A real-life look into the path to citizenship
(page 4 of 4)
Tijuana’s hills grew in the distance. The border drew closer. LAST USA EXIT, the signs warned. As they got closer to the San Ysidro crossing, Carolina’s boyfriend turned down the music, afraid of what would happen if he missed his turn.
It was a Sunday in late July. They’d come for a protest. For the first time since crossing north in 2001, Carolina and Diana were returning to the border, close enough to see the country they’d left.
There it was. A Mexican flag flew high. The rusty border fence snaked up the hills. People streamed in. Diana and Carolina watched them walk through, feeling a twinge of jealousy. “For one second,” Carolina says, “it would’ve been nice to imagine that I could cross that border and come back.”
Diana hadn’t known what to expect. She’s seen the border in her dreams. It didn’t look like that, the smoggy chaos of two countries smashing together at San Ysidro.

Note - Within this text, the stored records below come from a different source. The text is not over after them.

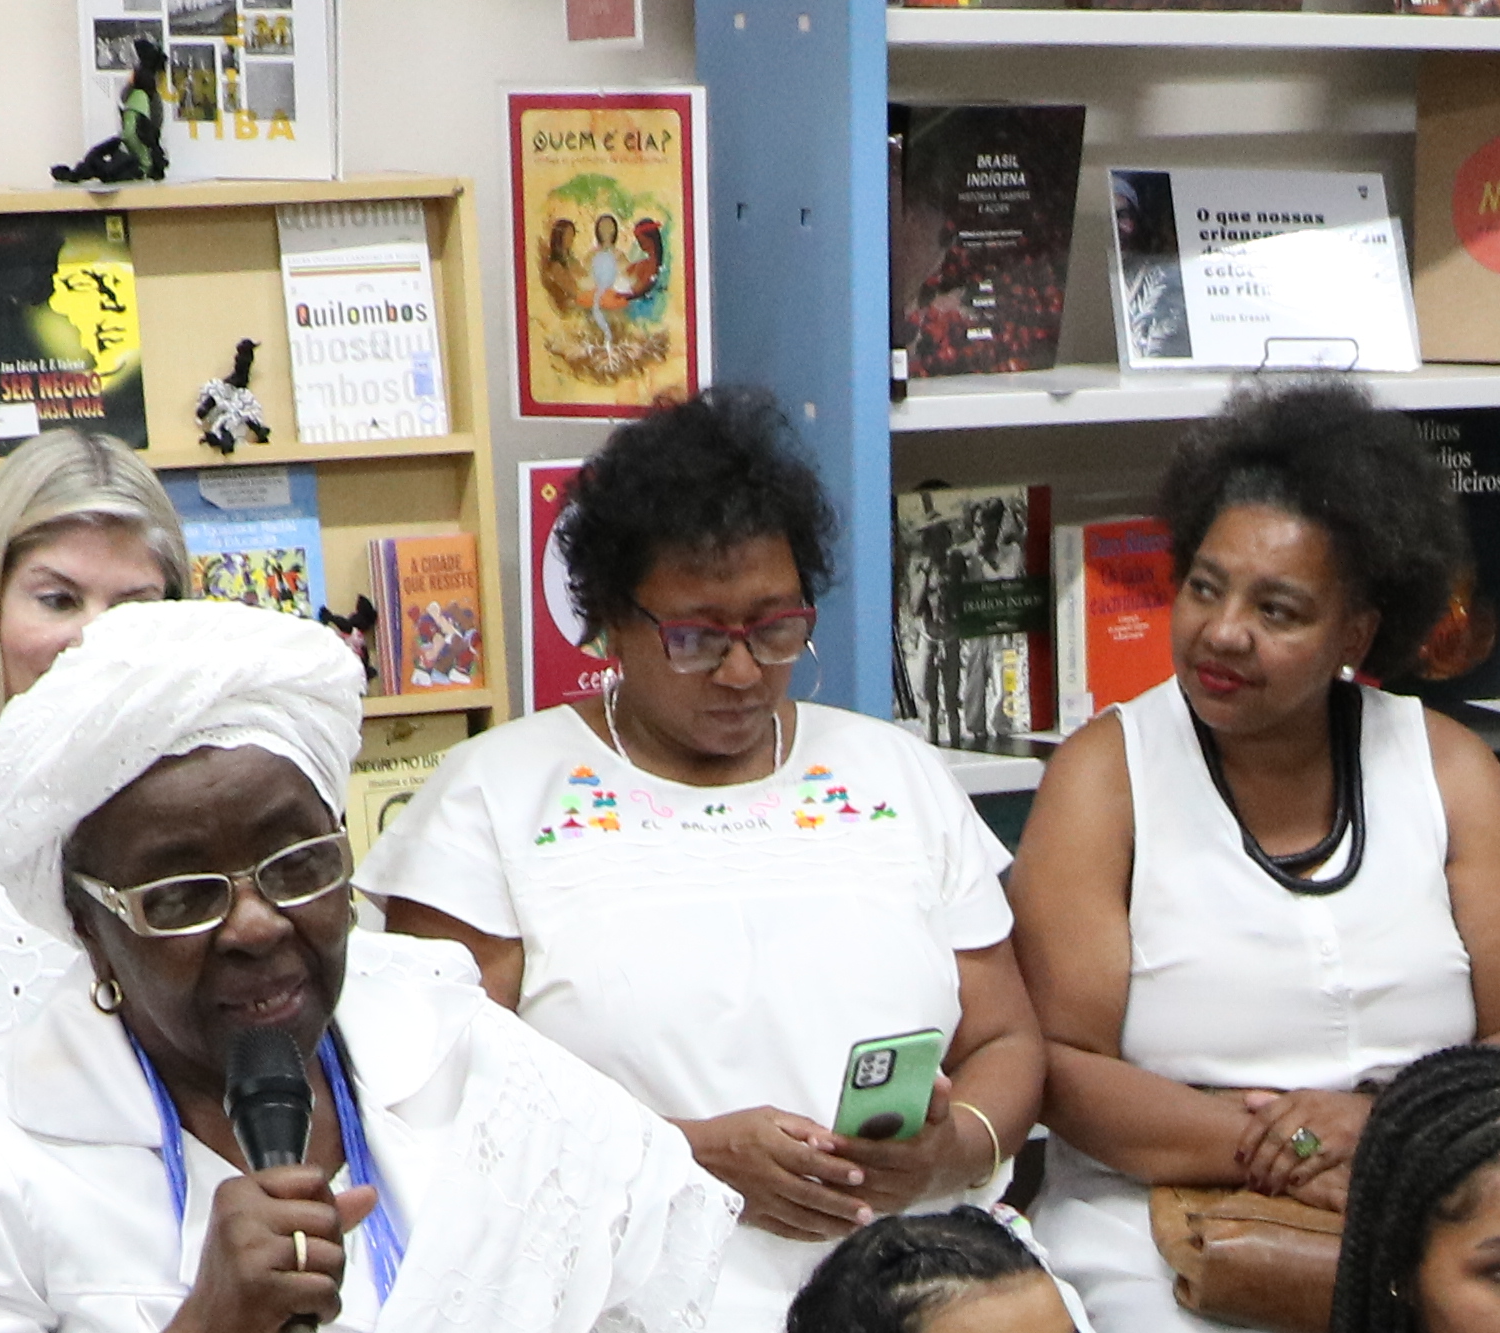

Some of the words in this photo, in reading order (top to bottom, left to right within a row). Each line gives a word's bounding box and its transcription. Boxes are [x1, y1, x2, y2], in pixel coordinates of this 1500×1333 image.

[1197, 207, 1210, 223] O
[1216, 210, 1251, 226] que
[1257, 211, 1325, 225] nossas
[296, 299, 428, 328] Quilombos
[1, 374, 35, 400] SER
[38, 371, 102, 399] NEGRO

In her dreams, she’s been in Mexico, sometimes at her childhood home. In one, she’s trying to cross into the United States. The port of entry is calm, just a few people milling. But something’s wrong: she can’t get back in.
In another, she’s with her mom in Mexico. An aunt has passed away. It’s a manifestation of a fear she lives with, that family there will die and she won’t be able to attend their funerals. She’ll wake with a shock.
But often, she’s just back south of the border, spending time with her family, living a life that doesn’t exist any more.
“Those are definitely not nightmares,” she says. “They’re nice dreams.”